Romaria dos Mártires da caminhada

Egon Heck

Testemunhas do Reino
Ribeirão Cascalheira, cruz do Pe. João Bosco. Ali, de cinco em cinco anos, se encontram romeiros do nosso continente . Encruzilhada profética do continente. Memória perigosa dos mártires da caminhada, das testemunhas do Reino.

Neste ano a quinta Romaria dos mártires tem um motivo há mais para celebrar. Quarenta anos de uma Igreja em conflito com o latifúndio, construindo justiça e semeando esperança, denunciando a opressão anunciando a alvorada, no caminho da libertação.

São Felix se tornou um espaço emblemático de uma igreja profética, que tem como seu irmão maior Pedro, poeta e profeta, dessa América Latina, Abya Yala, ainda na paixão.

D. Pedro Casaldáliga é presença indispensável nesse grande sonho, celebração, memória e luta. Ontem ele já deixou São Felix e veio para Ribeirão Cascalheira. Milhares de romeiros já chegaram para a celebração de abertura seguida da caminhada martirial.

Apesar do calor causticante, da secura e da poeira, nada tira o animo dos romeiros.
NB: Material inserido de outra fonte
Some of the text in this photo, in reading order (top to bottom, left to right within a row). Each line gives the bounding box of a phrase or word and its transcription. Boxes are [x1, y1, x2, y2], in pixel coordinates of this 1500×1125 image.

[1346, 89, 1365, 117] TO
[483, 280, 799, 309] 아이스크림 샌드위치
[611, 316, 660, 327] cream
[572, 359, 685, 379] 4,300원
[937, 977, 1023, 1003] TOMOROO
É momento de rever muitos companheiros e companheiras de caminhada, unidos na memória dos 40 anos de luta da Prelazia de São Felix, "uma igreja em conflito com o latifúndio e a opressão".

Rumo à romaria dos mártires
Saímos do coração do agronegócio, de Dourados, no Mato Grosso do sul, para as beiras do Araguaia. Passamos pelas monótonas paisagens da monocultura, do milho, da soja, da cana, do eucalipto, do capim, do algodão, do sorgo, principalmente, para os confins do latifúndio e as belas praias do Araguaia.
Saímos da posse do, ex-secretário Geral da CNBB,D. Dimas, como arcebispo em Campo Grande, para a prelazia do novo Secretário Geral, D. Leonardo, em São Felix do Araguaia.
Viemos partilhar nossas experiências e lutas com os companheiros(as) do Cimi Mato Grosso. Nesta região em que estão as raízes das transformações dos quais nasceu o Cimi, encontramos com figuras históricas e testemunhos por mais de meio século junto aos povos indígenas, como a irmãzinha Genoveva, com mais de 60 anos vivendo solidariamente com os Tapirapé. Ali encontramos pessoas profundamente sábios e solidários com a caminhada dos povos indígenas nas últimas décadas.
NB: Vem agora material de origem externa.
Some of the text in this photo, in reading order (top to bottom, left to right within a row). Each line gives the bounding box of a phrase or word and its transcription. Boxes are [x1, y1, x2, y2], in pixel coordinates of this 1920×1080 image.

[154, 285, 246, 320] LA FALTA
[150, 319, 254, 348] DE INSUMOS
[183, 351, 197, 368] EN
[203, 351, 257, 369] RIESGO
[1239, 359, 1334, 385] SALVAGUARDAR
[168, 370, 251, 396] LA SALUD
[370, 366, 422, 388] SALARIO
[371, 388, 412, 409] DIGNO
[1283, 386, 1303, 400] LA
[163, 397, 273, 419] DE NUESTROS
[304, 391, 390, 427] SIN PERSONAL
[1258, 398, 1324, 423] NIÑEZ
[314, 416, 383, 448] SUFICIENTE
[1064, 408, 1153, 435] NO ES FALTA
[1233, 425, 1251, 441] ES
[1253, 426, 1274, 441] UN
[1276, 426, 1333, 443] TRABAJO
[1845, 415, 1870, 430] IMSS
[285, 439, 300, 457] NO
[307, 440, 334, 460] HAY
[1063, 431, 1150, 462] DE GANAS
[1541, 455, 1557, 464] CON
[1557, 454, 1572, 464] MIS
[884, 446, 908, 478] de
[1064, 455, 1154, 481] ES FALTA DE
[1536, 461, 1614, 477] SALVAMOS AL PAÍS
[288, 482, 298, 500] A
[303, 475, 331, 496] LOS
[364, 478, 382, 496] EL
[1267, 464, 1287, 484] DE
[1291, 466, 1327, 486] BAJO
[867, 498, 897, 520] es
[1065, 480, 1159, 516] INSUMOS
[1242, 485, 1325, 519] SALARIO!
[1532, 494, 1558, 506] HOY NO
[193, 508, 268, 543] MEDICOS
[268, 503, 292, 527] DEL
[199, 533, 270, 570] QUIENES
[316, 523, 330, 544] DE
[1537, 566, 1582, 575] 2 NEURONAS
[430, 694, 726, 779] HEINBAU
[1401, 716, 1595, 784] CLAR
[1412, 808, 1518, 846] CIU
Olhar para os cabelos, os olhares profundos, o corpo cansado, de dezenas dos missionários e missionárias, a gente sente orgulho dessa bonita história escrita com decisão, audácia, sangue e alegria. Foi aqui que também se iniciou essa bonita página da luta indígena e indigenista do Brasil. O sangue do Pe. Rodolfo e Simão Bororo (1976) Pe. João Bosco Burnier (1976), Vicente Canhas (1986), cujo corpo foi encontrado depois de 40 dias de seu assassinato. Eu estava indo visitá-lo, juntamente com Tomás e Tião, e nos deparamos com esse quadro tétrico. Sentimos de perto a revolta dos Enawene Nawe , ao receberem a notícia do assassinato de seu grande amigo Kiwi.

Apesar de mais da metade dos missionários já estarem com mais de sessenta anos e sentirem o peso dos longos e não fáceis tempos de vivencia e testemunho solidário com os povos indígenas, o que se percebe é uma grande esperança de continuar a presença respeitosa e profética junto aos povos do regional.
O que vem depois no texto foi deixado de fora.